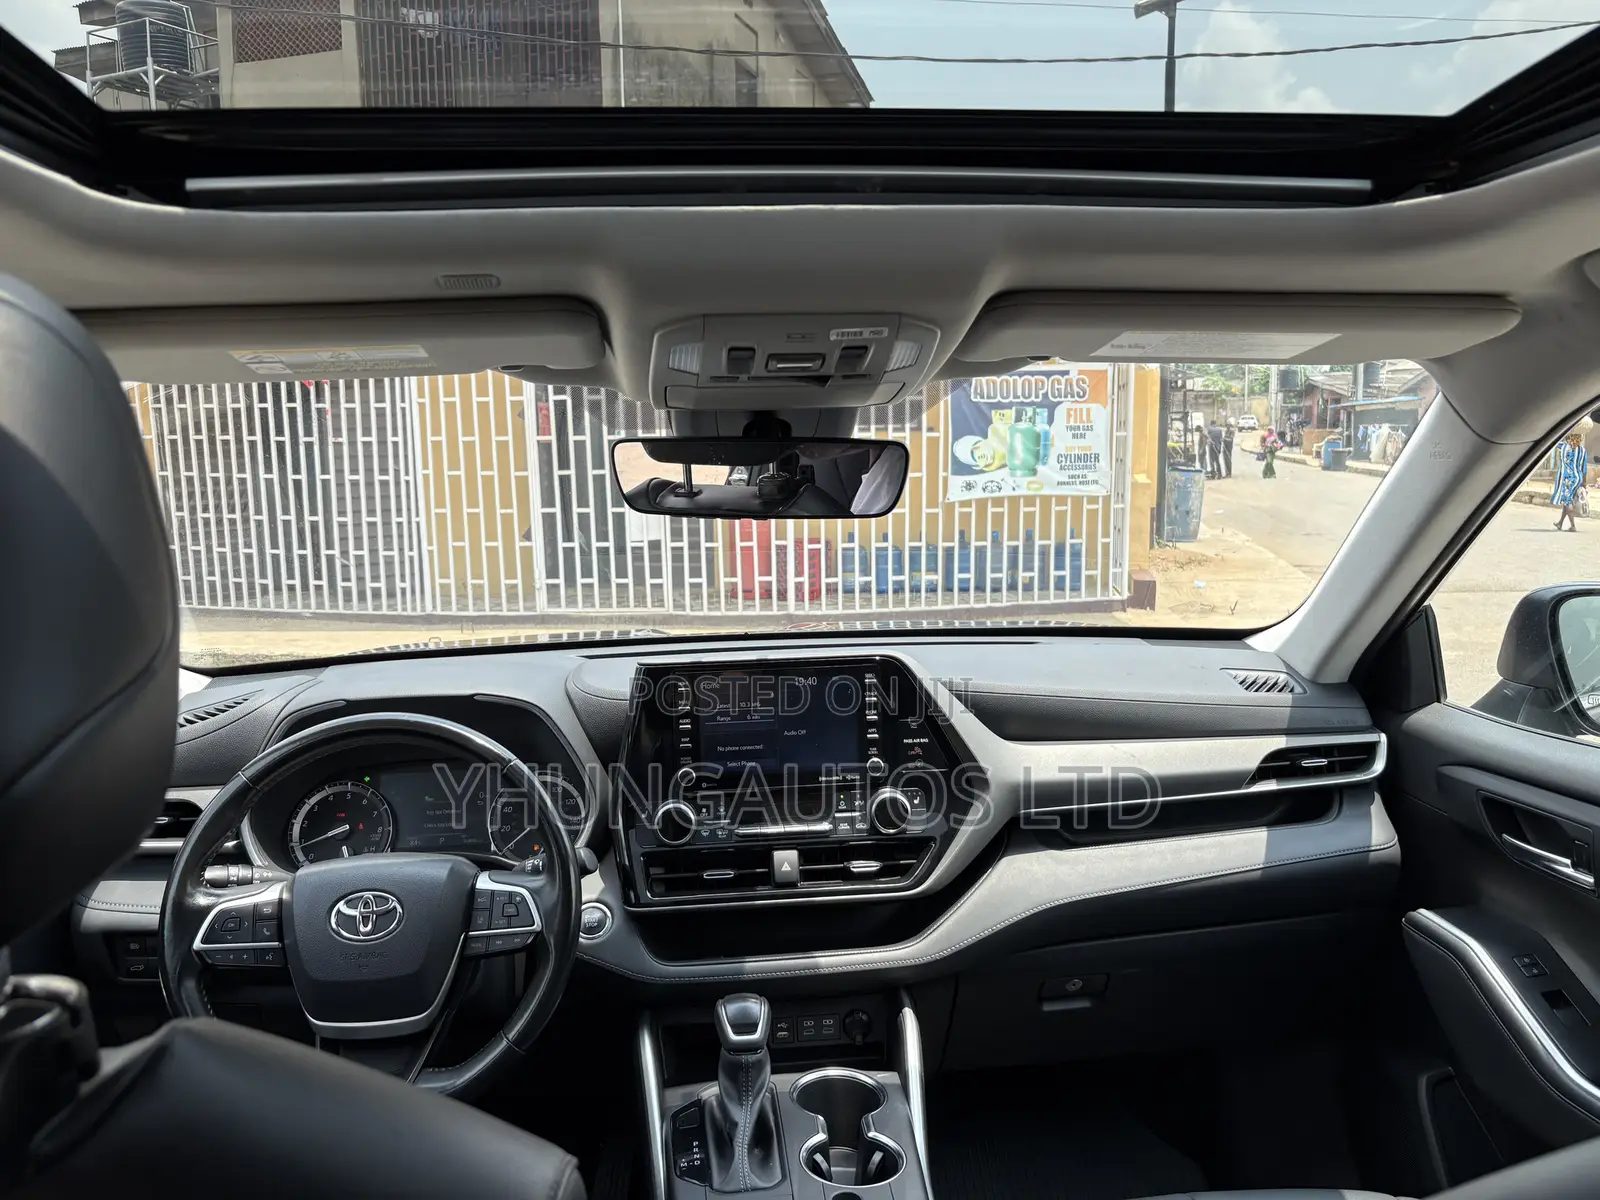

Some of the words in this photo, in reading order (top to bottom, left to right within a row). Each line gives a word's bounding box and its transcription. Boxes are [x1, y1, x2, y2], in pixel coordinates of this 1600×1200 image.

[972, 376, 1047, 402] ADOLOP
[1048, 375, 1090, 402] GAS
[1066, 407, 1092, 424] FILL
[1082, 424, 1094, 432] GAS
[1071, 432, 1087, 440] HERE
[1056, 452, 1100, 464] CYLINDER
[795, 676, 817, 686] 19:40

○ ○ ○ ○ ○

**Instructions for the task**
Please repeat every record exactly, leaving the pictures out.

**Result for this exercise**
Some of the words in this photo, in reading order (top to bottom, left to right within a row). Each line gives a word's bounding box and its transcription. Boxes are [x1, y1, x2, y2], in pixel coordinates of this 1600×1200 image.

[972, 376, 1047, 402] ADOLOP
[1048, 375, 1090, 402] GAS
[1066, 407, 1092, 424] FILL
[1082, 424, 1094, 432] GAS
[1071, 432, 1087, 440] HERE
[1056, 452, 1100, 464] CYLINDER
[795, 676, 817, 686] 19:40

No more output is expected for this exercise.